• [WHAT YOU HAVE TO DO] Set every entry down again, unchanged, picture-free.

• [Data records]
+++

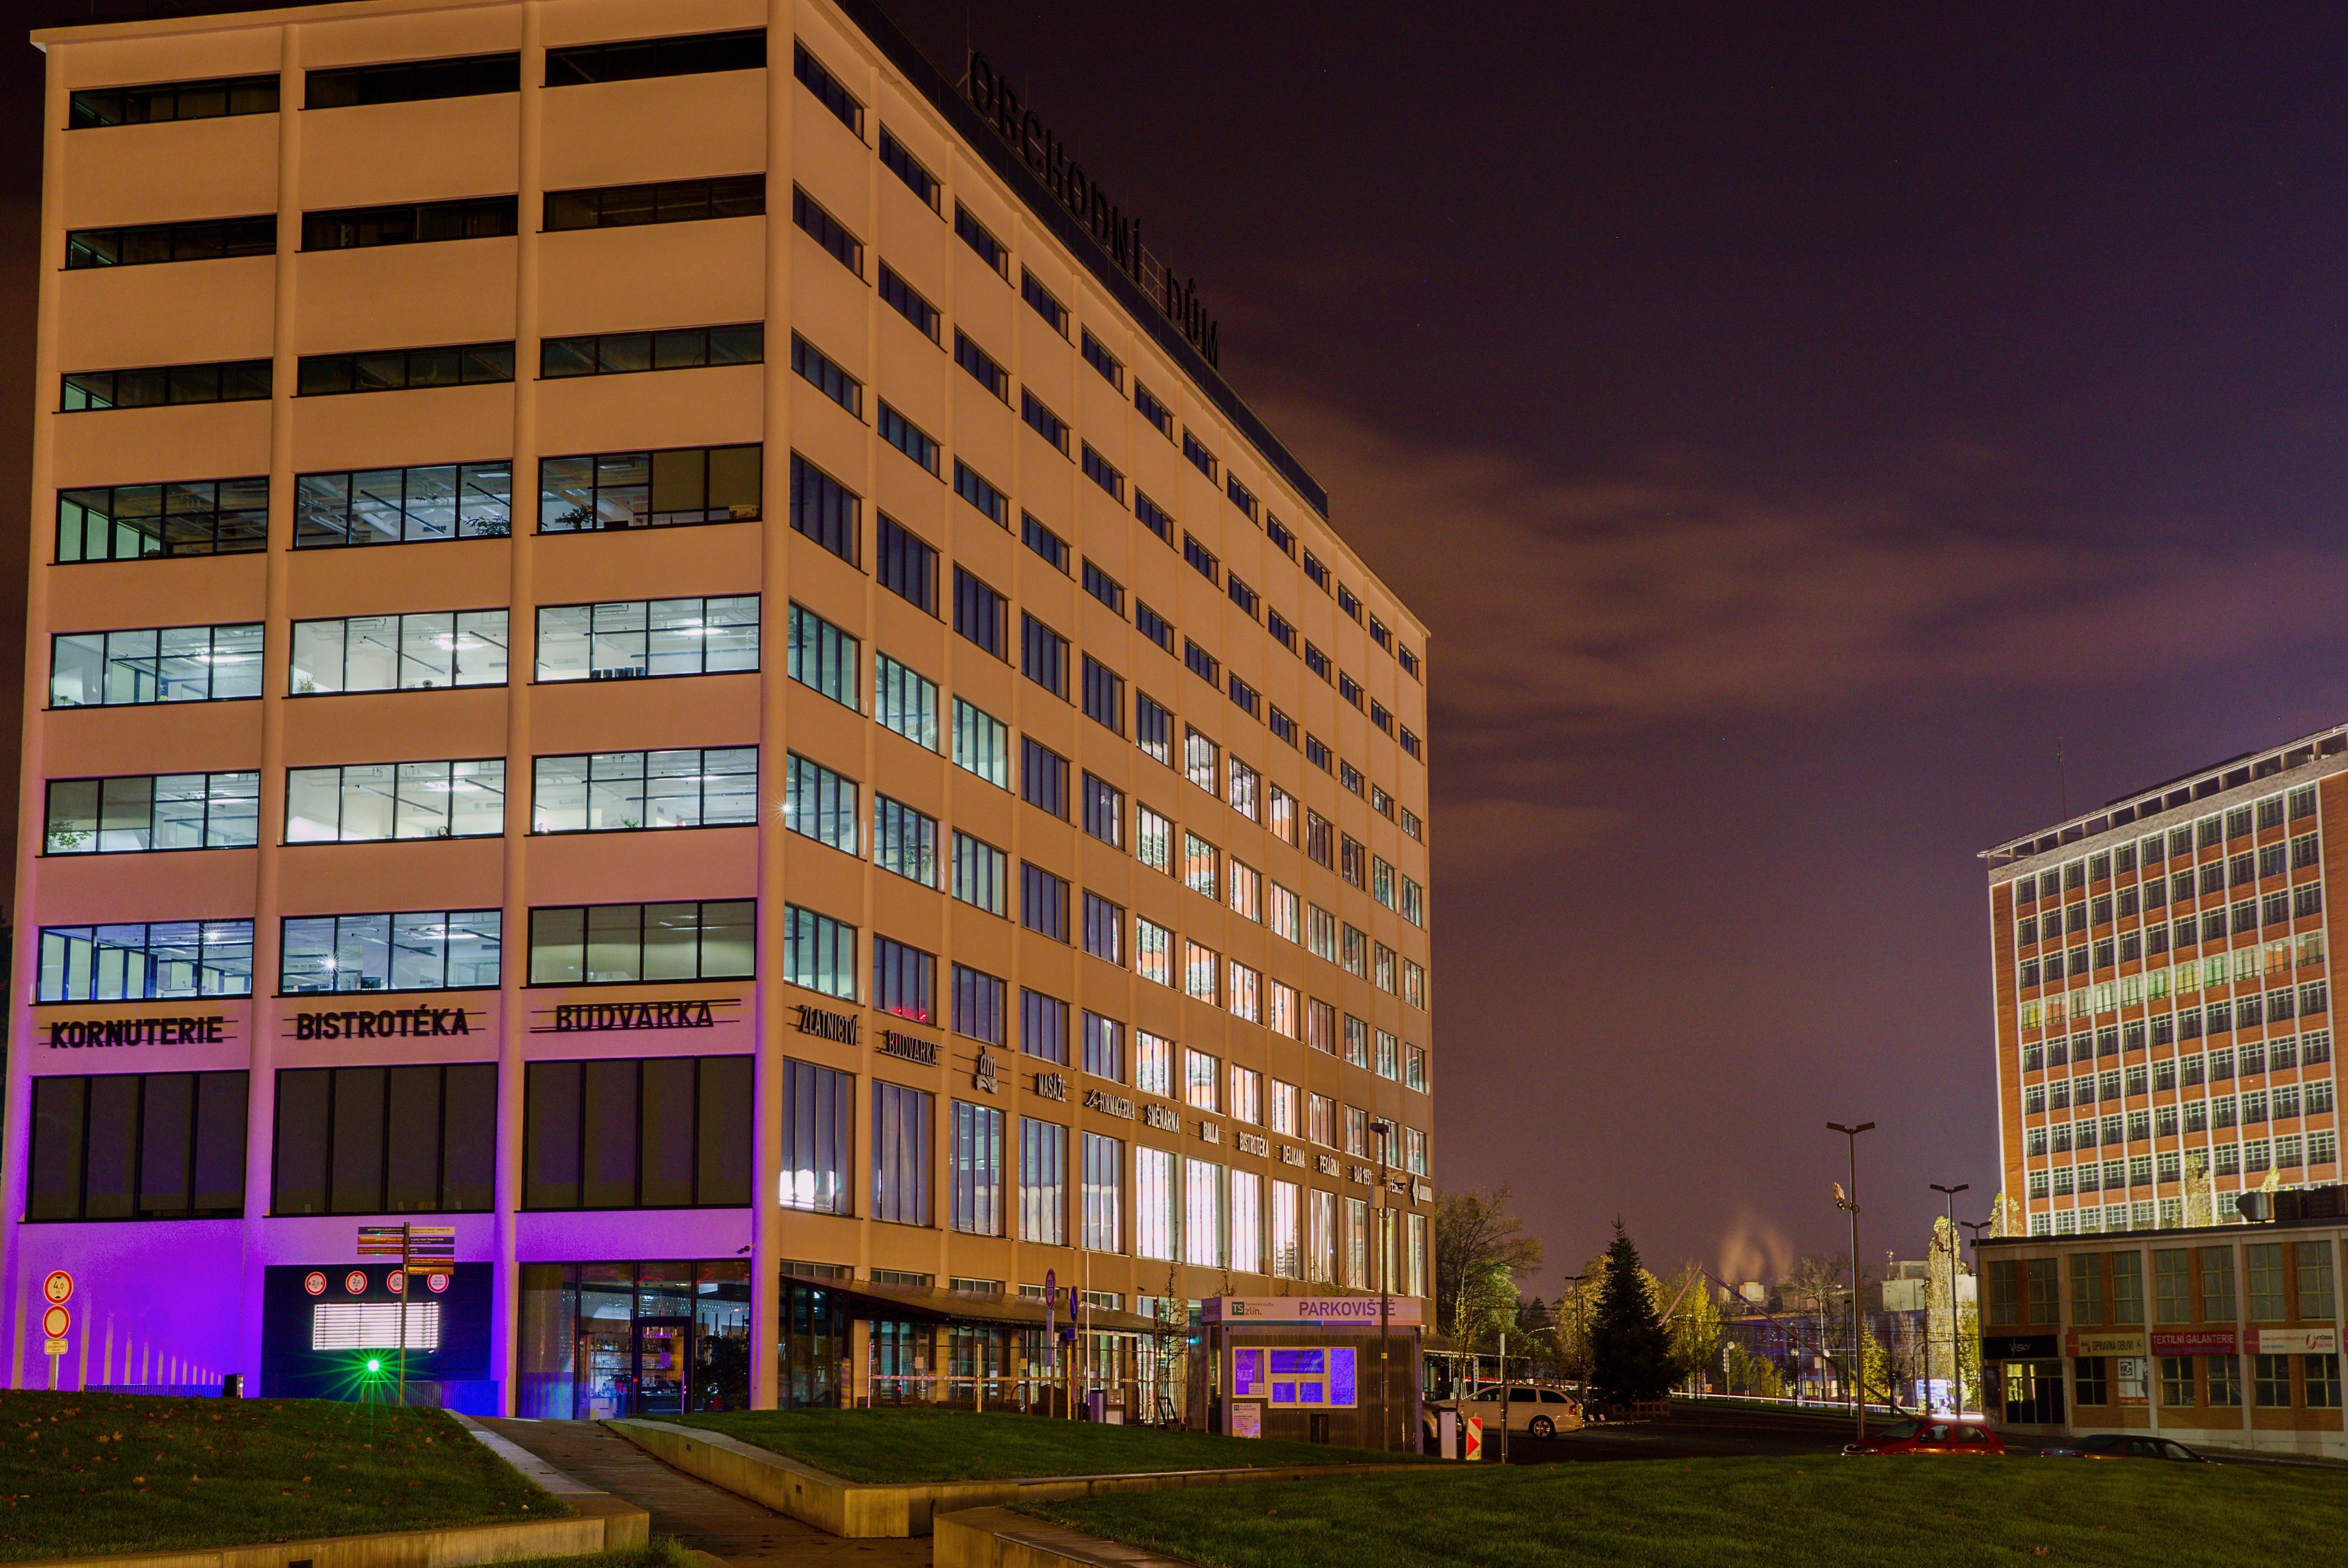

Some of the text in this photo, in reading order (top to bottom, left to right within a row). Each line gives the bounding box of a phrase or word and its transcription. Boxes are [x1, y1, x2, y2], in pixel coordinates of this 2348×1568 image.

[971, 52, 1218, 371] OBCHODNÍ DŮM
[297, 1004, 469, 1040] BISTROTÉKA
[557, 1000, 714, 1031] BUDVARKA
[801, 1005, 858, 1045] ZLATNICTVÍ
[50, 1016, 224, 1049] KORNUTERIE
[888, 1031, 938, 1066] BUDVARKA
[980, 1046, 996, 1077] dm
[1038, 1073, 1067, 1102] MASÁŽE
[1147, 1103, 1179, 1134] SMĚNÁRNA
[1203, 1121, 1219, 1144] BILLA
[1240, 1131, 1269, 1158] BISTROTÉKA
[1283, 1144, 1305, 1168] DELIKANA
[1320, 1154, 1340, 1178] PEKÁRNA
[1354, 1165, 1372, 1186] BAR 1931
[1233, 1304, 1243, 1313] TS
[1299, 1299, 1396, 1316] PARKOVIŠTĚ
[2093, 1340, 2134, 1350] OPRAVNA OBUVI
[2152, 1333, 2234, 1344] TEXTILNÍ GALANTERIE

+++

• [TASK RESULT]
Some of the text in this photo, in reading order (top to bottom, left to right within a row). Each line gives the bounding box of a phrase or word and its transcription. Boxes are [x1, y1, x2, y2], in pixel coordinates of this 2348×1568 image.

[971, 52, 1218, 371] OBCHODNÍ DŮM
[297, 1004, 469, 1040] BISTROTÉKA
[557, 1000, 714, 1031] BUDVARKA
[801, 1005, 858, 1045] ZLATNICTVÍ
[50, 1016, 224, 1049] KORNUTERIE
[888, 1031, 938, 1066] BUDVARKA
[980, 1046, 996, 1077] dm
[1038, 1073, 1067, 1102] MASÁŽE
[1147, 1103, 1179, 1134] SMĚNÁRNA
[1203, 1121, 1219, 1144] BILLA
[1240, 1131, 1269, 1158] BISTROTÉKA
[1283, 1144, 1305, 1168] DELIKANA
[1320, 1154, 1340, 1178] PEKÁRNA
[1354, 1165, 1372, 1186] BAR 1931
[1233, 1304, 1243, 1313] TS
[1299, 1299, 1396, 1316] PARKOVIŠTĚ
[2093, 1340, 2134, 1350] OPRAVNA OBUVI
[2152, 1333, 2234, 1344] TEXTILNÍ GALANTERIE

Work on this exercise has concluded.